BONUS Exercise: If you attended the R workshop last week or know R already, use the code block below to read in the file we just generated with SNPs per 100k window and plot the density along this scaffold.

library(tidyverse)

## ── Attaching core tidyverse packages ──────────────────────── tidyverse 2.0.0 ──
## ✔ dplyr     1.1.0     ✔ readr     2.1.4
## ✔ forcats   1.0.0     ✔ stringr   1.5.0
## ✔ ggplot2   3.4.1     ✔ tibble    3.2.0
## ✔ lubridate 1.9.2     ✔ tidyr     1.3.0
## ✔ purrr     1.0.1     
## ── Conflicts ────────────────────────────────────────── tidyverse_conflicts() ──
## ✖ dplyr::filter() masks stats::filter()
## ✖ dplyr::lag()    masks stats::lag()
## ℹ Use the ]8;;http://conflicted.r-lib.org/conflicted package]8;; to force all conflicts to become errors

# Load the tidyverse

## Write code in R to plot SNP density across the scaffold in our bed file
# poeFor-windows-100k-snps.bed
am_snps = read_tsv("poeFor-windows-100k-snps.bed", col_names=c("scaffold", "start", "end", "num.snps"))

## Rows: 74 Columns: 4
## ── Column specification ────────────────────────────────────────────────────────
## Delimiter: "\t"
## chr (1): scaffold
## dbl (3): start, end, num.snps
## 
## ℹ Use `spec()` to retrieve the full column specification for this data.
## ℹ Specify the column types or set `show_col_types = FALSE` to quiet this message.

# Read the bed file containing 1Mb windows and number of SNPs per window, and name the columns

snp_plot = ggplot(am_snps, aes(x=start, y=num.snps)) +
# Initialize a ggplot grob and load the data and aesthetics into it and store it as the snp_plot object
  
  geom_line() +
  # Plot the provided data as a line graph
  
  #facet_wrap(~scaffold, scales="free") +
  # Split the plot by scaffold
  
  theme_classic()
  # Set a different theme
## Write code in R to plot SNP density across the scaffold in our bed file

print(snp_plot)

# Display the plot

Scripts

So far, we’ve been focused on interactive analysis of small files.
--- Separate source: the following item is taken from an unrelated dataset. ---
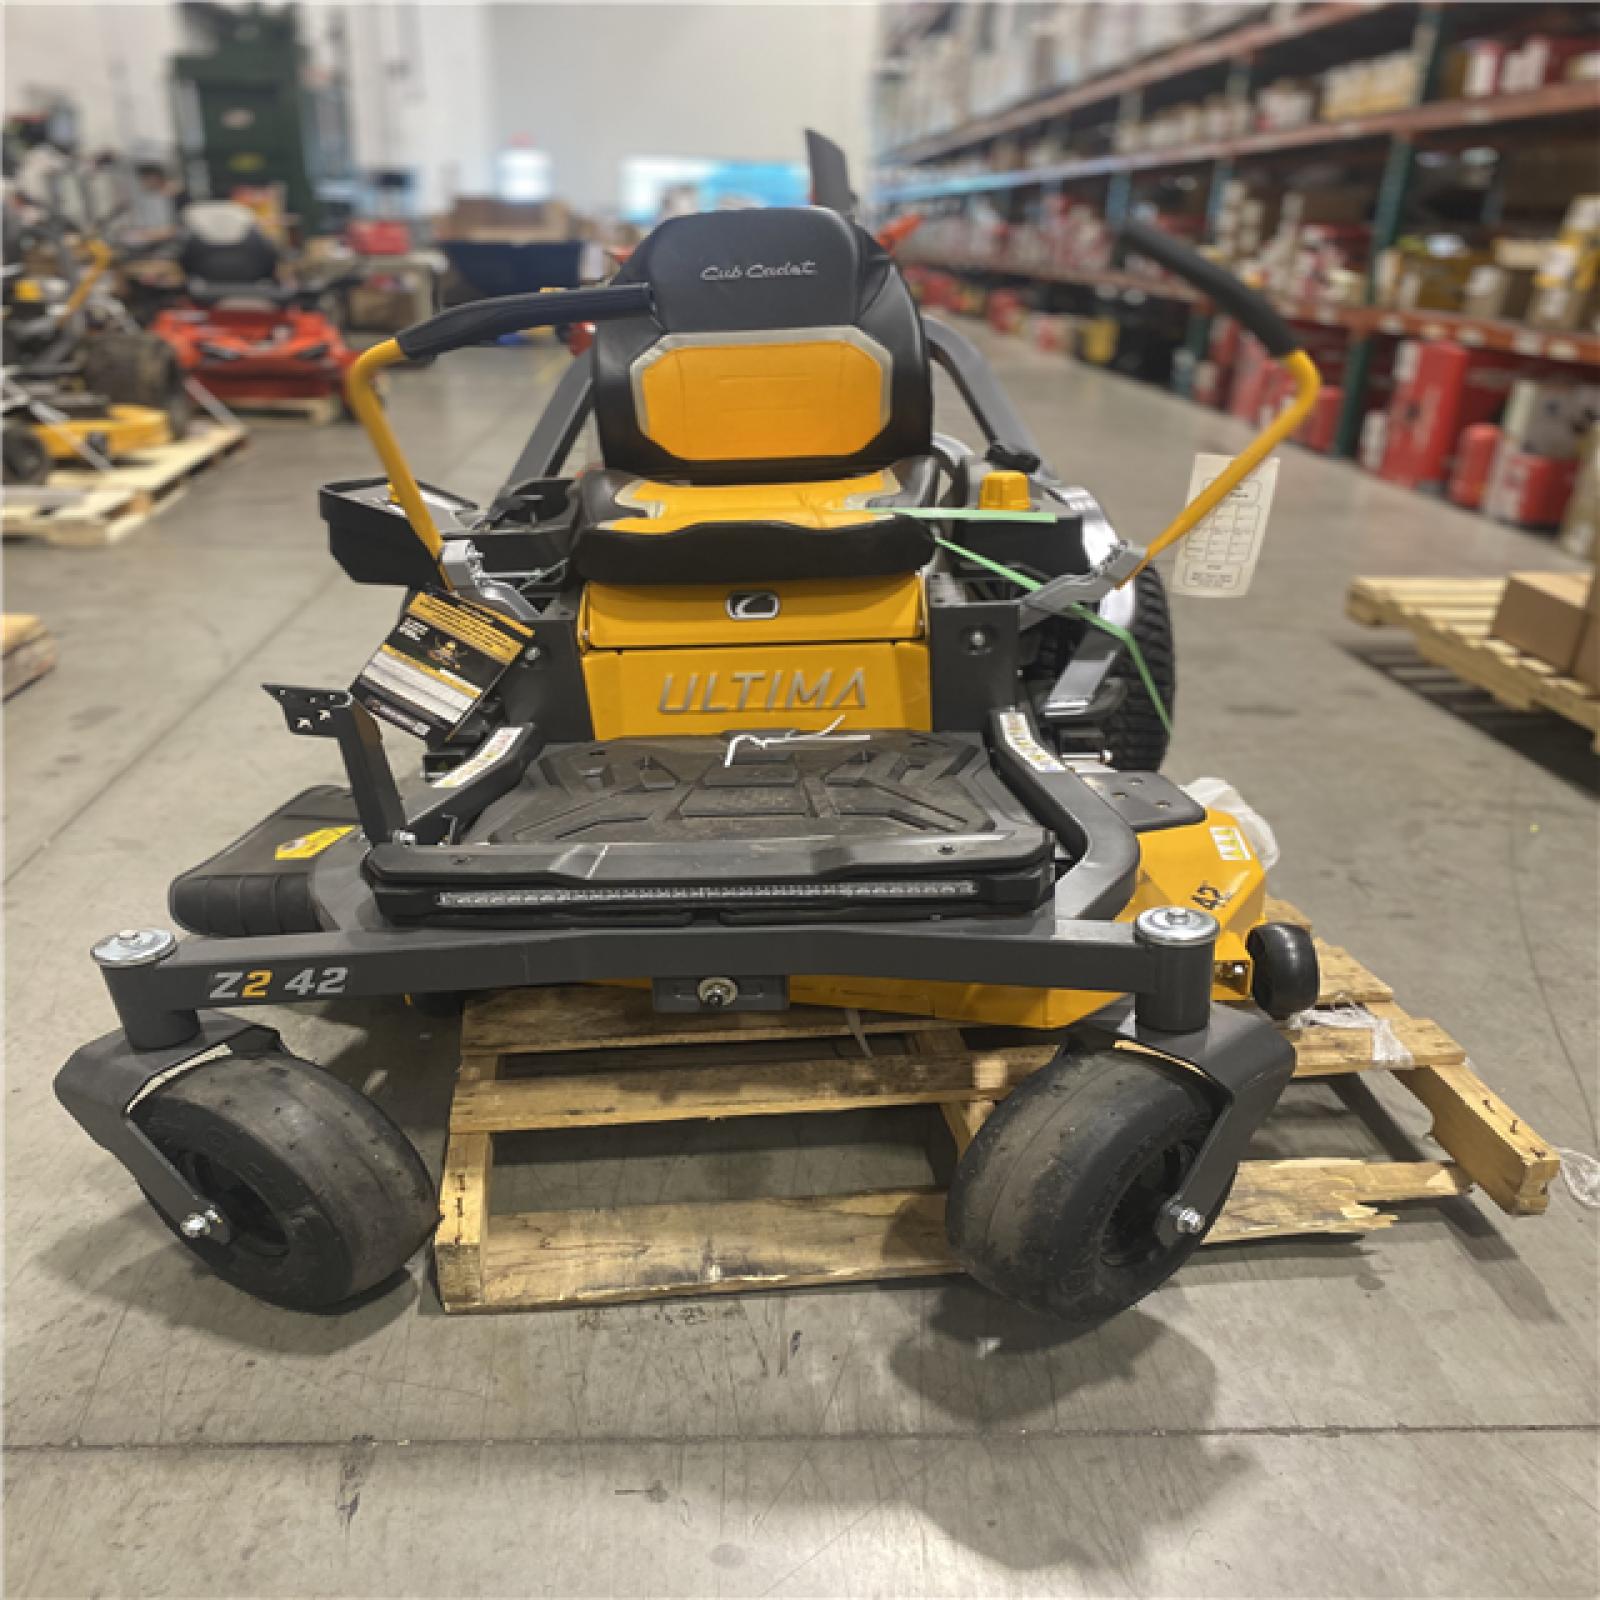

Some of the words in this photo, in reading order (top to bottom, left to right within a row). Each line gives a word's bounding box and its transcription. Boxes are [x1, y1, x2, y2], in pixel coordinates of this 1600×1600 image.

However, in real bioinformatics work, you will likely find yourself with many samples that you want to run the same commands on. And often these commands can require significant compute time, such that you want to be able to run these commands non-interactively. As nice as these markdown notebooks are for teaching and data exploration, they are not the ideal format for this task. Instead, what we want are scripts.

A bash script (like an R script, if you attended the R workshop earlier), is just a text file that executes a series of commands in order. Bash scripts can get exceedingly complicated, but today we are just going to introduce a few basic concepts.
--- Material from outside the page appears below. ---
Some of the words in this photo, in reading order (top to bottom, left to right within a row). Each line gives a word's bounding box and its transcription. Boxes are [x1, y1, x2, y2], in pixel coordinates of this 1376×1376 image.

We are ultimately going to make a script that takes as input a VCF file and one or more bed files, and reports as output the average SNP density in regions of the genome inside bed intervals. Let’s start simple.

Using the file menu, go to New file –> Shell script and create a new file. Call it snp-density.sh.This is going to be our script in a new tab of our text editor, that we will modify as we go.
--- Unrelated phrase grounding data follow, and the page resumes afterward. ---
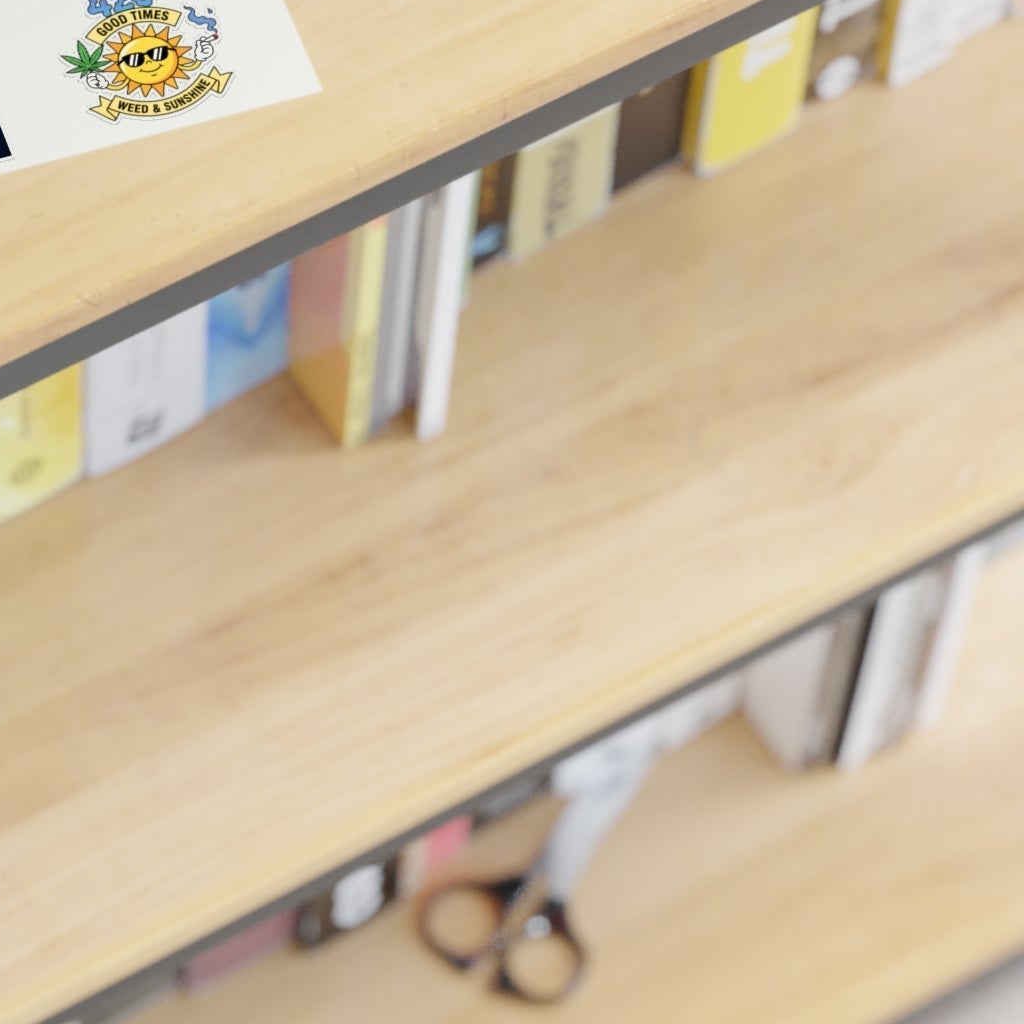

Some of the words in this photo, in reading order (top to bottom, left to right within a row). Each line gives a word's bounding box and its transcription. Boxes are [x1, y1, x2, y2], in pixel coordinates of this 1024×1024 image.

[96, 14, 128, 37] GOOD
[130, 9, 170, 22] TIMES
[117, 99, 149, 114] WEED
[152, 103, 161, 113] &
[163, 77, 211, 112] SUNSHINE
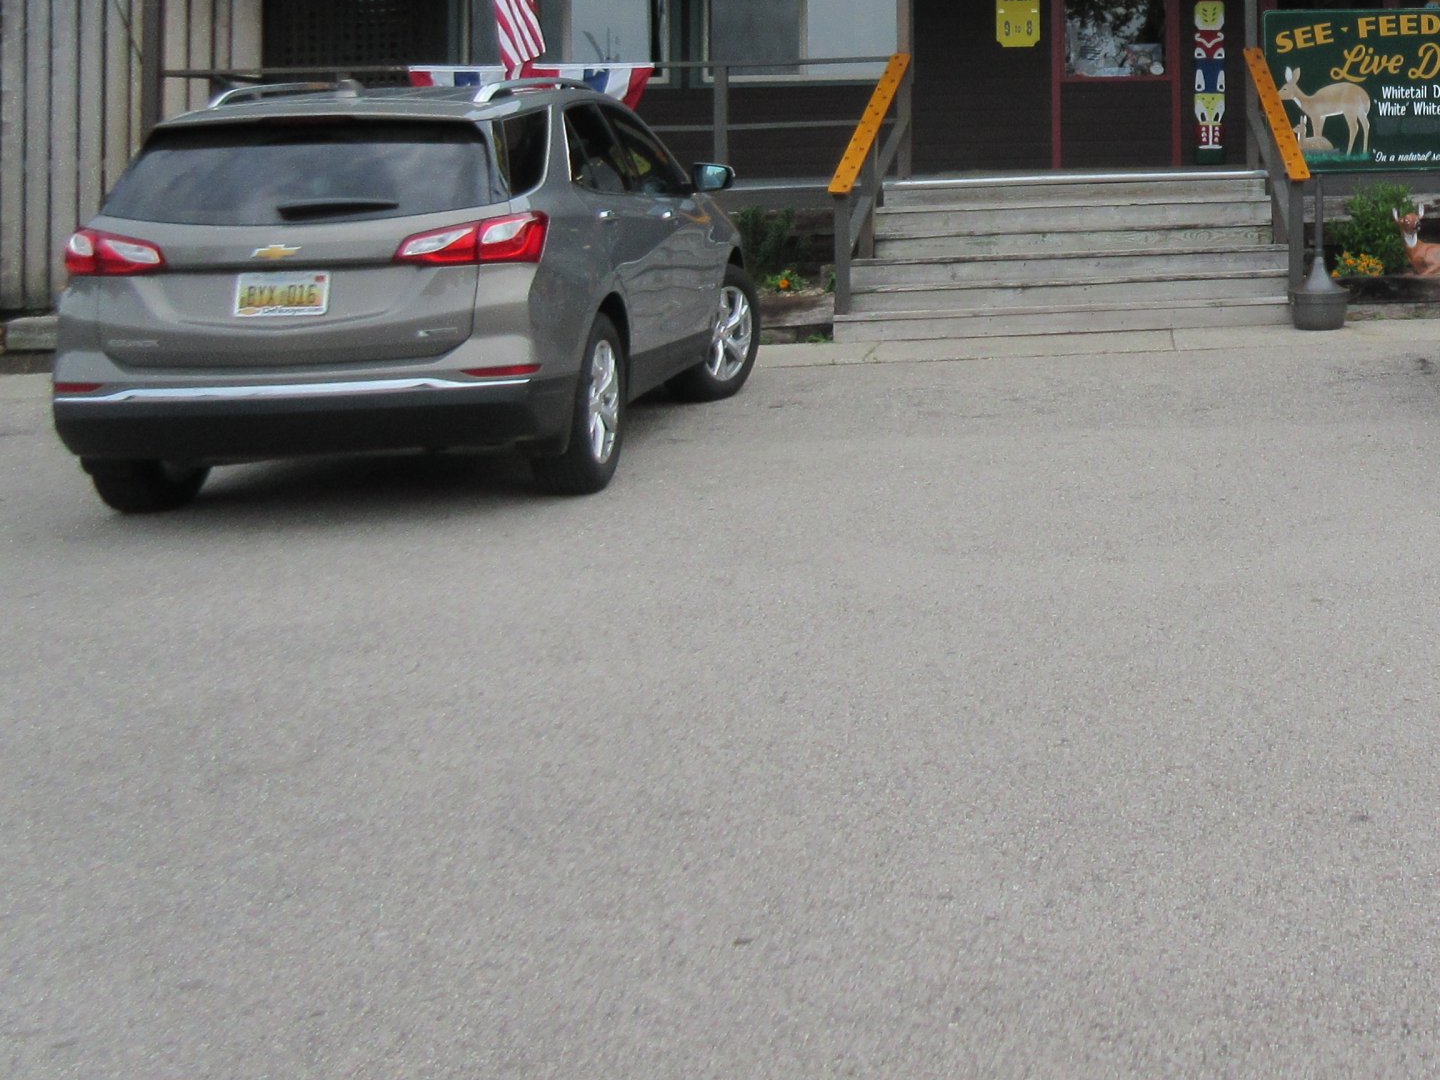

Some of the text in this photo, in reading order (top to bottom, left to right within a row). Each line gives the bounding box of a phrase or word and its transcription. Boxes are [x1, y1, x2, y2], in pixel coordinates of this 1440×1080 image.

[1004, 20, 1011, 36] 9
[1275, 22, 1335, 54] SEE
[1357, 14, 1440, 38] FEED
[1330, 43, 1405, 83] Live
[1381, 85, 1427, 99] Whitetail
[1397, 150, 1432, 162] natural
The first thing we need to do is a little bit of shell magic to get the shell to treat the script we are writing as a command. This is called a shebang (#!) and basically says “run the script with the following interpreter”. Type the following line at the top of your script:

#!/bin/bash

This means that when we run snp-density.sh on the command line, the commands in the script will be interpreted as shell commands.

We need to do one more thing, which is make our script executable. We’ll use the chmod command for this.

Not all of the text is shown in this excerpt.